Substandard Quality of Services
Most lenders tend to forget about the borrowers as long as they keep paying their EMI diligently. Consider a balance transfer, if your current lender doesn’t offer you special benefits and privileges for being a responsible borrower for all these years. Try and negotiate the interest rate too, if it has reduced over the years and ask your lender to adjust your interest rate with the current one. If your lender refuses, look for others.
Better Terms and Conditions
While looking for a new lender, you’ll be in a position to negotiate new terms and conditions. You can consider increasing your Home Loan EMI or increasing the tenure, anything you’re comfortable with. If a lender offers you the terms you’re looking for, just grab the opportunity.
Process of Home Loan Balance Transfer
When looking for balance transfer, it’s important to shop around and explore all your options. You simply can call the banks’ or NBFCs’ call centre, or do a simple search online to know about the various schemes in the market. You’ll also need to pay a processing fee when opting for a balance transfer and that is one important point to consider.
You’ll need to have a word with your lender and get the detailed report of the principal amount left to be repaid, rate of interest, and tenure completed, and also know on whose name the demand draft or the cheque has to be made. The bank or NBFC would pay your current lender or you can even have the amount in your bank account transferred to your lender. Many banks and NBFCs have different eligibility criteria for Home Loan Balance Transfer, so make sure to check the same with the financial institutions you approach.
The documents required for home loan are more or less same for all banks and NBFCs.
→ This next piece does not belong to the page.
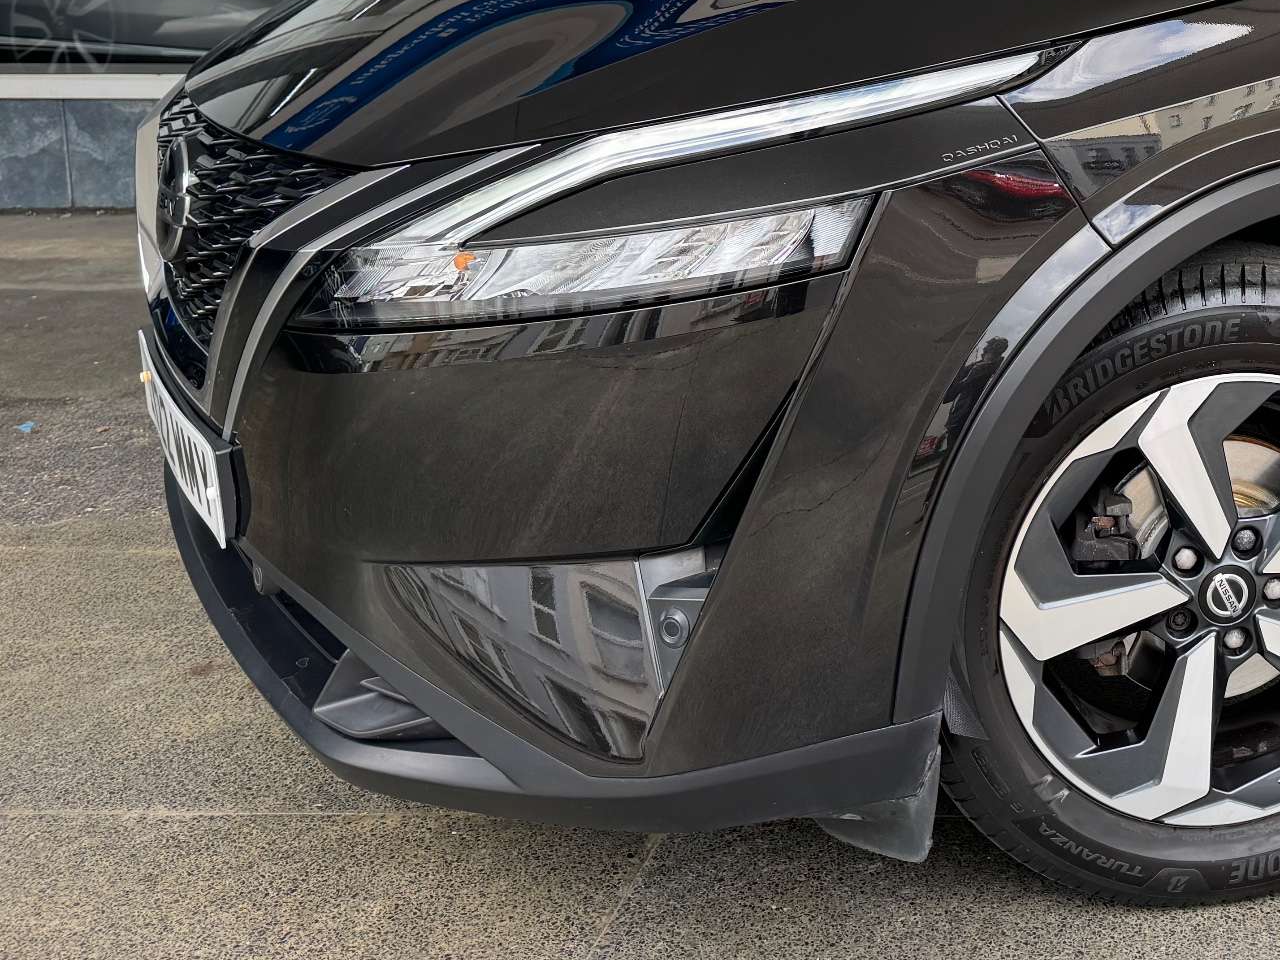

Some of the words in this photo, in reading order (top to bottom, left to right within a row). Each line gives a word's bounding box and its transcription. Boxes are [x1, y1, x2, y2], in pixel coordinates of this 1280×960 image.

[941, 134, 1018, 162] QASHQAI
[1046, 318, 1242, 425] BRIDGESTONE
[1217, 578, 1240, 614] NISSAN
[1037, 821, 1145, 878] TURANZA
However, it’s still a good idea to ask what exactly they need. Some of the documents they’ll ask from salaried individuals are:
- Three months’ salary slips
- Identity proof
- Three month’s bank statement (the account where your salary gets credited)
- KYC documents vary from one financial institute to the other
- Two photographs
If you’re self-employed, you’ll need provide the following:
- Balance sheet and profit and loss statement for the last 3 years
- TAN (Tax deduction and collection account number) card
- Your bank’s current account statements
- Your saving account statements
You can go for Home Loan Balance Transfer as many times you want and that’s the beauty of this scheme. You can opt for it every 3-5 years and repay back your loan sooner than you could ever imagine.